The value of a property is usually regarded as 100%; therefore, the mortgage rate is guided by the amount of mortgage you are seeking against the property’s value. Therefore, if the deposit made accounts for 20 % of the home value’s purchase price, the mortgage will be 80%, and it will be referred to as an 80% loan to value. What you shall owe the lender is 80% of the value of the property and interests.
• Mortgages you should expect
Often, the initial stage of a mortgage repayment plan commences with what is referred to as a deal period. The period can last between two and five years. The deal period applies to borrowers paying a defined rate. Once the deal period is over, your lender will likely move you to the standard variable rate. The lender controls the rate applied here as they can decide to move the rate down or up. One of the privileges that lenders enjoy is that they are in charge of coming up with the rate applicable to the standard variable rate. As someone seeking a mortgage, you need to be aware that it is only on rare occasions that a lender can reduce the standard variable rate. After the deal period, you will, most times start paying more as per the standard variable rate. Mortgage experts, therefore, advise most borrowers to remortgage their property after the deal period has lapsed.
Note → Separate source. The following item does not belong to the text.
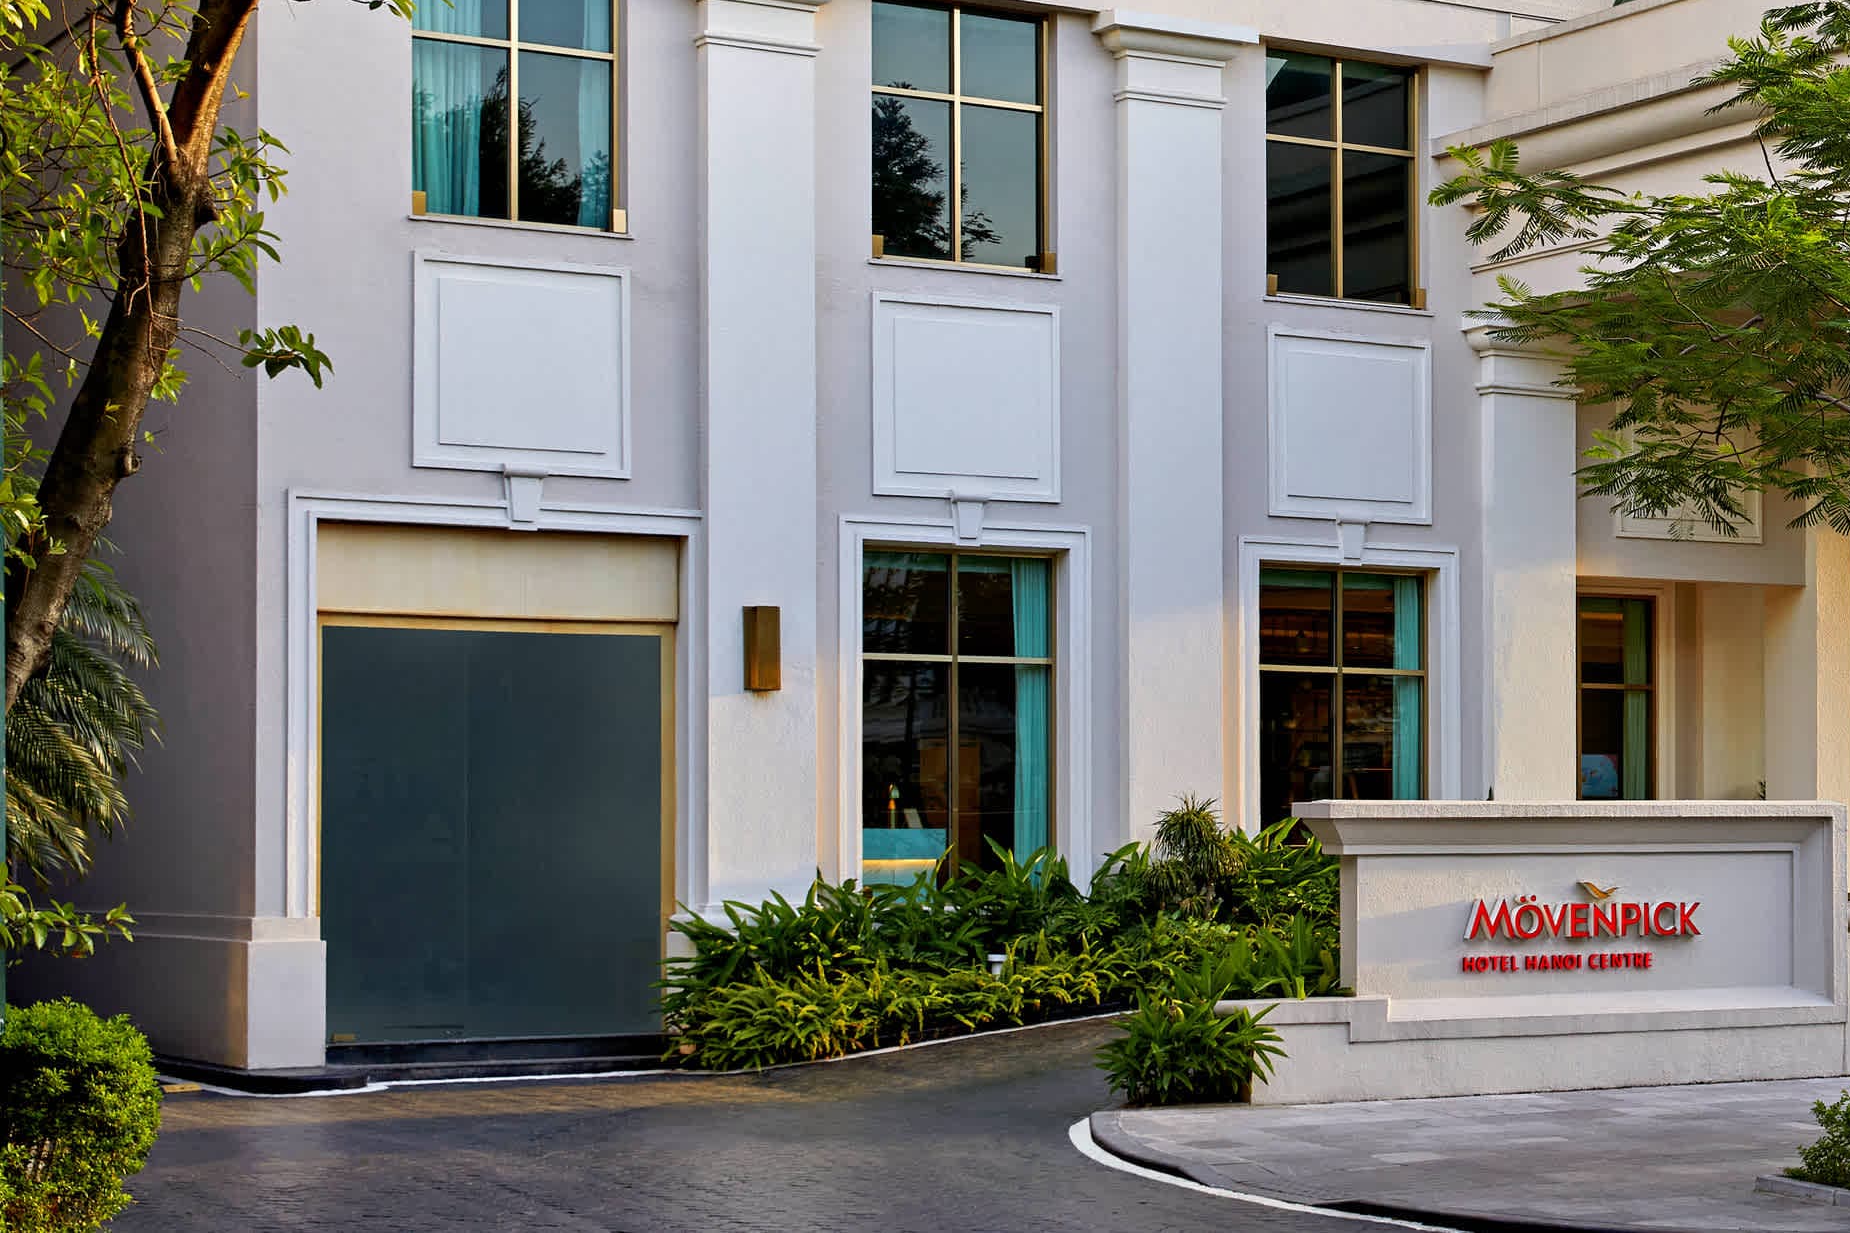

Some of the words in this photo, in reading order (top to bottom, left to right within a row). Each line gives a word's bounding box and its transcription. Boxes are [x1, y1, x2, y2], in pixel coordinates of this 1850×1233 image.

[1466, 894, 1702, 940] MÖVENPICK
[1462, 955, 1519, 972] HOTEL
[1525, 954, 1583, 971] HANOI
[1588, 952, 1653, 970] CENTRE
• Forms of mortgage repayment
As a borrower, two repayment plans can apply to your situation. You choose an interest-only mortgage or a capital plus interest repayment plan. The capital plus interest repayment plan is the most renowned as most lenders and borrowers embrace it. The repayment plan involves paying off the amount owed plus its interest. Once the loan is settled, you become the lawful owner of the property. The interest-only repayment plan, though used by some lenders, is not very popular. As a borrower, at the end of repaying the interest, the property still does not belong to you as you will have to repay the principal amount. Over time, lenders have dropped the interest-only repayment plan as they are now more focused on whether a borrower can repay the loan. Once you have provided verification for repayment, some lenders might consider you for the interest-only type of repayment plan.
• The amount an individual can borrow
The desire to acquire a mortgage for the purchase of a home is one, getting the exact amount you require is a whole other different thing that considers various factors. Lender’s crediting scoring and your age will determine the amount of mortgage you get. Many people that are nearing retirement always face challenges when seeking loans. A 40-year-old who seeks a mortgage with a 30-year repayment plan will be repaying the mortgage until they retire. In such a scenario, the lender might offer a minimal amount as a mortgage. Other factors that determine the amount one can borrow are marital status, the estimate of future expenses, childcare costs, income, etc.
If you intend to get a maximum amount as a mortgage, you should begin working on your credit score now. An individual’s credit score plays a significant role in establishing whether you qualify for a loan. If you have a bad credit score, you must start working towards growing your credit score ratings as soon as possible. Try to seek tips on increasing your credit score, and you will be a step away from getting approved for a mortgage of a considerable amount.